The boys' basketball team, coached by Dick Vitale, won the Group I state championship in 1970 (defeating Burlington Township High School in the tournament final) and 1971 (vs. Gloucester City High School). Les Cason set a tournament record with 45 points to lead the 1970 team to a 67–66 win against Burlington Township in the Group I championship game at a game played in Boardwalk Hall in Atlantic City. Cason broke the record of 40 points that had been held by Brian Taylor of Perth Amboy High School. The 1971 team, which also starred Cason, finished the season with a record of 28–0 after winning the program's second consecutive Group I state title with a 53–52 defeat of Gloucester City in the playoff finals. Cason was recruited by over 300 colleges, but a combination of academic problems and other issues rendered him ineffective at the collegiate level; eventually he became addicted to drugs and died at age 43.

==Notable alumni==

- Carol Arthur (1935–2020), actress, known for playing supporting roles in films produced by Mel Brooks.
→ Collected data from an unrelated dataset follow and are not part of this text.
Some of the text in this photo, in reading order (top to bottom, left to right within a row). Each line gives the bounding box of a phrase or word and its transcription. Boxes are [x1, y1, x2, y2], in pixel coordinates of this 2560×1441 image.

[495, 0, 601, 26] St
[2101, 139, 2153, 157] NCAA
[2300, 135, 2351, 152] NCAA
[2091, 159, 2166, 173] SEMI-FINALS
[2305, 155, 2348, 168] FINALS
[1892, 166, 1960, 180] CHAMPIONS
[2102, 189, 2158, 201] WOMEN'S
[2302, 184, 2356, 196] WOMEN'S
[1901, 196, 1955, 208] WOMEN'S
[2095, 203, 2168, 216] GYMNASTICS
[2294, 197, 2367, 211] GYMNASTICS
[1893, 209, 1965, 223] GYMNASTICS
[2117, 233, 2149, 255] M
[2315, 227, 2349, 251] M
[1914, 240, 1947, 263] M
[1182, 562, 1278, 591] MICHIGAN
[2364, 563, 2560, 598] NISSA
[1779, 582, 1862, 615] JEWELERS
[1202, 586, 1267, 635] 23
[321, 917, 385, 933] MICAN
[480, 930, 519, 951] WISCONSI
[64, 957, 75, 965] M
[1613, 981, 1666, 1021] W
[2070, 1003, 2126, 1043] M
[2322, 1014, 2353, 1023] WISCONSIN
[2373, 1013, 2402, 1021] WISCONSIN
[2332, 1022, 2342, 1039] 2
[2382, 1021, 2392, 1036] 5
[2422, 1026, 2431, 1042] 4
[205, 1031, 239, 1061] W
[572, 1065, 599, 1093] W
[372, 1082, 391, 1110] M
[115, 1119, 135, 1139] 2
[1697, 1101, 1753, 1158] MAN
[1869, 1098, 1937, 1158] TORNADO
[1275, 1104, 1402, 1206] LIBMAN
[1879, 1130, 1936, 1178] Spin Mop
- Ernest Cuneo (1905–1988), lawyer, newspaperman, author and intelligence liaison, who played two seasons in the NFL for the Orange Tornadoes and the Brooklyn Dodgers.
- Steve Hamas (1907–1974), professional football player in the National Football League who turned to professional boxing, defeating former heavyweight champions Tommy Loughran and Max Schmelling.
- Henry Helstoski (1925–1999, class of 1940), politician who served in the United States House of Representatives for 12 years, from 1965 until 1977.
- Harold C. Hollenbeck (born 1938), politician who represented New Jersey's 9th congressional district in the United States House of Representatives from 1977 to 1983.
- Robert P. Hollenbeck (1931–2021), politician who served six terms in the New Jersey General Assembly from the 36th Legislative District.
- C. Gus Rys (1912–1980), politician who was mayor of Fair Lawn and served three terms in the New Jersey General Assembly.
- Walt Szot (1920–1981), American football tackle who played five seasons in the National Football League with the Chicago Cardinals and Pittsburgh Steelers.
- Vito Trause (1925–2019), World War II United States Army veteran and prisoner of war
- Dick Vitale (born 1939), basketball coach and sportscaster who coached the East Rutherford basketball team to two state titles.